Referring expression grounding data ▸
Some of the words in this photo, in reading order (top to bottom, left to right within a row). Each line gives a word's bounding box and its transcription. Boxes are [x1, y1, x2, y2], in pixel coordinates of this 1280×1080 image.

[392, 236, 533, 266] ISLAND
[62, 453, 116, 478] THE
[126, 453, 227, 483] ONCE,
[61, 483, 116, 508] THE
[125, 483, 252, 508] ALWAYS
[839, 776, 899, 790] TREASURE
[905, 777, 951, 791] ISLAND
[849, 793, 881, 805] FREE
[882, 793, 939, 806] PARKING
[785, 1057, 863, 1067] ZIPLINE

ACTIVITY ▸
Write out the data once more, word for word.

ANSWER TO THE PROBLEM ▸
Some of the words in this photo, in reading order (top to bottom, left to right within a row). Each line gives a word's bounding box and its transcription. Boxes are [x1, y1, x2, y2], in pixel coordinates of this 1280×1080 image.

[392, 236, 533, 266] ISLAND
[62, 453, 116, 478] THE
[126, 453, 227, 483] ONCE,
[61, 483, 116, 508] THE
[125, 483, 252, 508] ALWAYS
[839, 776, 899, 790] TREASURE
[905, 777, 951, 791] ISLAND
[849, 793, 881, 805] FREE
[882, 793, 939, 806] PARKING
[785, 1057, 863, 1067] ZIPLINE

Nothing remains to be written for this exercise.